Trading is not easy. There are thousands of people, banks and funds trading every day professionally. And most of them don’t profit consistently.
Trading is as hard or even harder than a regular nine to five job. It requires knowledge, strategic thinking, tactical awareness and most of all discipline.
In a psychological experiment way back in the 1960s, a team at Stanford University gave kids a choice between having one marshmallow now or two marshmallows in 15 minutes, if they could resist having the first one.
Part of them managed to hold on to their urges, others caved in. But here comes the interesting part. Later in life those same children were tested for their overall achievement. The ones who managed to control themselves had better scores.
Most traders look for a quick profit, for a multiple of x5, x10 on their investment in a few days or weeks (very much like the impulsive kids in the experiment). Especially now with the cryptocurrency craze. But that’s not how it works in trading.
Financial markets for stocks, forex, cryptocurrencies, gold or oil, have a very large number of factors influencing their price and movement. Luck cannot account for guessing all of them. Not consistently.
This is where discipline comes into play. It’s not merely about looking at a chart and an analysis method with good reputation like Elliott Wave – it’s about looking at yourself, what your state of mind is and how it’s affecting your decision-making.
Here are a couple of examples of trading in an undisciplined and futile manner:
- Loss recovery – after you lose a trade you try to win back the losses immediately, regardless of what is happening in the market
- Trading too much – the quick ups and downs, checking the price, fear of missing out. There is a certain thrill about it. But trading too much because of a good thing, just like an addiction, never ends well.
- Incoherent trading – closing your positions too soon, opening them ahead of schedule, misreading signals – if this is happening to you then just stop trading, you’re being erratic and you’ll just continue losing.
There is good news about discipline, both in trading and in general. It’s just like a muscle. If you train it, if you make an effort – it will expand.
How can you make this happen?

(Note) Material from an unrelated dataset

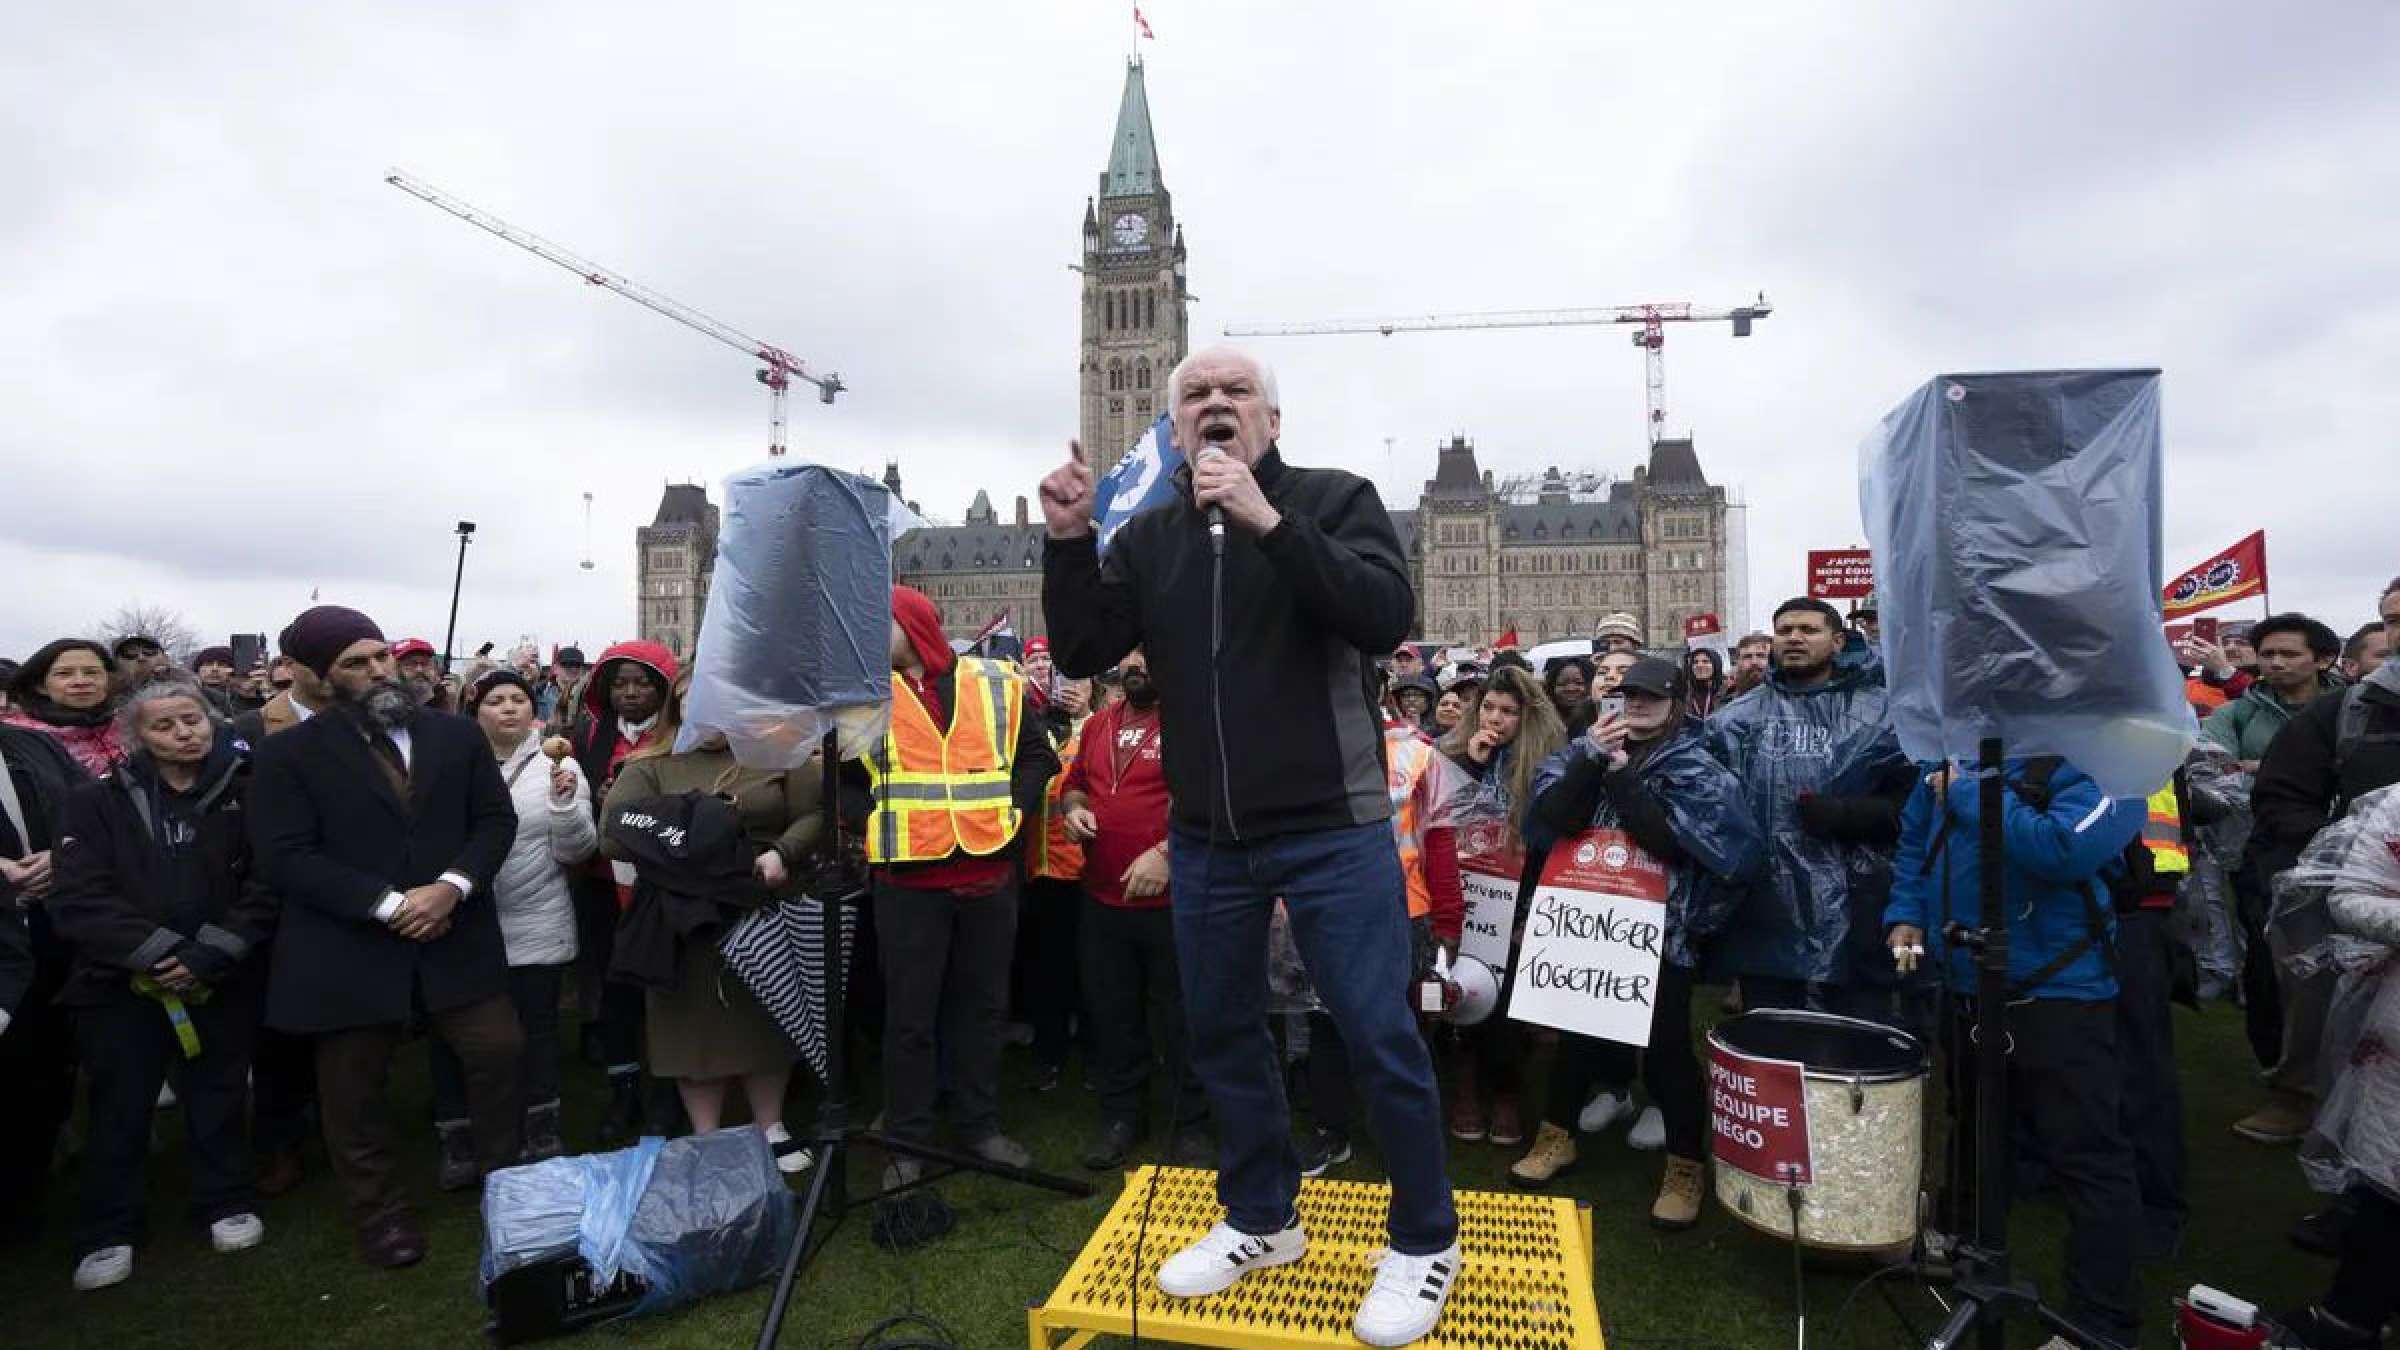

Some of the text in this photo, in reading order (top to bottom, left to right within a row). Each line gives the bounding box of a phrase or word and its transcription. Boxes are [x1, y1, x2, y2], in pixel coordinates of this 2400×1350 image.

First you have to look at your limitations by observing your behavior while trading. It would be great if you can do it WHILE trading but if it’s too much, you can just keep a log of your trades and the reasons that made you open or close them. Seeing your winning and losing trades side by side will help you identify your mistakes. When you connect the dots between the losing trades and what caused them, then you can just remove them altogether.
What counts here is sticking to a predefined plan. That will give you an advantage when the next challenge comes along. Do not continue trading when you feel your discipline is getting lower – in other words – when you’re getting distracted, tired or cranky.
Discipline is the most critical factor when it comes to trading and just like in the experiment from the 60s – it will determine your future results.